17 September 2014

Thoughts on Body Image

I have been thinking a lot lately about the topic of body image.  Probably  because lately I have also been thinking a lot about my body.  Some thoughts that are mine are below, and I am not claiming to have the answer, or be perfect.  But I just felt like telling you - of course, that does not mean you even have to read any more of this, but if you do, please know that I do not mean to sound superior, OK?

For as long as I can remember, I have been out of the loop, so to speak, on this topic.  I was fortunate as a kid and then again as a teenager to never, ever have my mother say anything about whether I was fat, skinny, tall, short, whatever.  I also am not aware of her ever saying anything like that about my sisters either.  Don't get me wrong, it's not like she was above saying, "Wow, So-and-So looks like she gained weight," or similar, but it was not something she was always talking about.

Now of course, I was surrounded by other people and their parents who seemed obsessed with weight, appearance, boyfriends, etc.  And who longed to look like certain movie stars or models.  Mostly I thought they were kind of stupid.

It really and truly never, ever, occurred to me that I was *supposed* to look anything like women in fashion magazines.  Oh, I would wish I had some of the clothes or shoes, and often I wished I had the hair/hairstyle, but I can truly say that I never saw those women as having anything directly to do with me or how I looked.  And it's not like I was super well-adjusted - trust me, I had (and still have) PLENTY of my own issues!

As an adult, it's definitely been a good thing that I have never been obsessed with body image.  I've certainly been on the cusp of overweight on more than one occasion, and I've also wished plenty of times that I could fit into last year's slacks or jeans.  I've been dismayed when I couldn't, and had to buy new ones in a larger size.  However, I've lived through this without a feeling of shame or devastation.

This has served me well, after several major surgeries.  My body is now a series of scars that look like a road map for medical students who have wanted to practice doing surgery!  Things are messy, misshapen, not the same size, and even puffy.  I always tell The Tim that I have no plans to donate my body to science, since at this point, science already has most of it!

Though I'm not in any way sure that it was a conscious action on the part of my parents, I am grateful that my growing up focused on things other than appearance.  I've never thought I am ravishingly beautiful, but then again, I've never been convinced that I am ugly.  Likewise, I've never worried about being "fat" or what size my clothes happened to be - particularly in relationship to anyone else.

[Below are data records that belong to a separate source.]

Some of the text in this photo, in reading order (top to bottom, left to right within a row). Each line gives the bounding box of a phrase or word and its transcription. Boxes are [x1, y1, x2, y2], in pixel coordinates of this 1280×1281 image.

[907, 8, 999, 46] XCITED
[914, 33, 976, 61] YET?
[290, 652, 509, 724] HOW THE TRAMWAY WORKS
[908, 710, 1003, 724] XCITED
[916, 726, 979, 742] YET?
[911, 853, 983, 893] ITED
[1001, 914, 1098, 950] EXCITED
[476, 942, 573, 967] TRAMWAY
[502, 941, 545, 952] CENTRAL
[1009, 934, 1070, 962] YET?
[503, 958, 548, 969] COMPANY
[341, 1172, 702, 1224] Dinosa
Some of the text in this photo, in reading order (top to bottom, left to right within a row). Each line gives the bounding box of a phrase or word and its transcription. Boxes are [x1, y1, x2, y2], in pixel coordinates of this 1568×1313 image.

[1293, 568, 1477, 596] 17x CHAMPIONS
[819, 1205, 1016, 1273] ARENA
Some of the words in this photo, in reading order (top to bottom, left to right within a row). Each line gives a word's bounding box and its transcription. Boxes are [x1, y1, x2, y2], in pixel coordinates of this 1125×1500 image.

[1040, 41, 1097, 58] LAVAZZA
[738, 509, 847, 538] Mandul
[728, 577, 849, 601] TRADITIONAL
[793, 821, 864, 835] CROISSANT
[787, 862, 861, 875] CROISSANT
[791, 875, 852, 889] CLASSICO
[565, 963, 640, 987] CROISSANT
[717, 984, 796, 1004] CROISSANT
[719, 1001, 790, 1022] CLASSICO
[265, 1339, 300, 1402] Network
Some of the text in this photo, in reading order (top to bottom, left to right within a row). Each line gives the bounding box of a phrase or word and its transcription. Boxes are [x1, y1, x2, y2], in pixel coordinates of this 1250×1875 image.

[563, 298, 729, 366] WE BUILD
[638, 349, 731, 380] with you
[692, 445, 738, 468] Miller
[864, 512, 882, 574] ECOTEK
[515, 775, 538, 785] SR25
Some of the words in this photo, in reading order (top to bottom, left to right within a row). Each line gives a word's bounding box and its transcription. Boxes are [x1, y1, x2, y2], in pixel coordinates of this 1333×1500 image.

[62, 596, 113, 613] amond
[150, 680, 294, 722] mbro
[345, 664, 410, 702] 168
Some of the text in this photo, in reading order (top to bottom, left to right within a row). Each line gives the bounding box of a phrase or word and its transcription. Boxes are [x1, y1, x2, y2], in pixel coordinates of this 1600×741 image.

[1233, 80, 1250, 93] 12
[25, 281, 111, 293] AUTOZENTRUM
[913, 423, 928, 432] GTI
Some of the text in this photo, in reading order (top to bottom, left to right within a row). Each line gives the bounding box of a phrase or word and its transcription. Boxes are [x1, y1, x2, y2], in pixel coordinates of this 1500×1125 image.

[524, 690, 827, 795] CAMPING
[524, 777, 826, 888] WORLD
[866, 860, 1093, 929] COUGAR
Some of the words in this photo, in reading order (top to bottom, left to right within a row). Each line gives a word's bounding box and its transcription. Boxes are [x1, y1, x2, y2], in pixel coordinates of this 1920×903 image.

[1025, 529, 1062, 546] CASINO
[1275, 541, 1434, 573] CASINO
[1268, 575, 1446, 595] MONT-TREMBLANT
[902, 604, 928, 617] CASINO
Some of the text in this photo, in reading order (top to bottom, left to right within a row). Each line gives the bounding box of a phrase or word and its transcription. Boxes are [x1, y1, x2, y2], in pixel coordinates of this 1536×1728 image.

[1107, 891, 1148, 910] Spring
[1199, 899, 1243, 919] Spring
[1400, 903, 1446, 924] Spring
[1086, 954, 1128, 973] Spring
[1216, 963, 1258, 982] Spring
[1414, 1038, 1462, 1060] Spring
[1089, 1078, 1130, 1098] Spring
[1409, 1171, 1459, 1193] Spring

I wish more people could feel this way.  I am not convinced that it's fashion magazines and advertising that are completely to blame for our society's obsession with looks, weight, etc.  I think it was a problem long before Vogue put super-thin supermodels on the cover, or before Kate Moss and/or others were forced on us as the epitome of beautiful women.  For anyone feeling self-conscious about themselves already, or who thinks that what others say about them is the most important thing, I think life must be a series of miserable days, and I wish that they were able to move beyond it.  I'm sure that the barrage of images and messages about body image needing to be a certain way doesn't help.
I don't know that there is an easy answer.  I think that the fault lies within ourselves, and until *we* let it all go, we're gonna keep passing it on to the next generation.  That is what bothers me.  When I think of the mothers of my friends who would tell them not to eat dessert so they wouldn't get fat, or the girls at school who would call others fat, or ugly, or whatever, I am amazed that so many years later, it still happens.  All the time.

If you think of it, and ever find yourself doing it, please stop.  None of us need that kind of criticism and pressure.  We all need a break.

1 comment:

Marie said...

I wish I'd had your experience. I've been on and off diets my entire adult life. I've finally said, Screw it! I'm eating what I want. This culture of perceived perfection is just wrong, not to mention hazardous to the health and self-esteem of young women.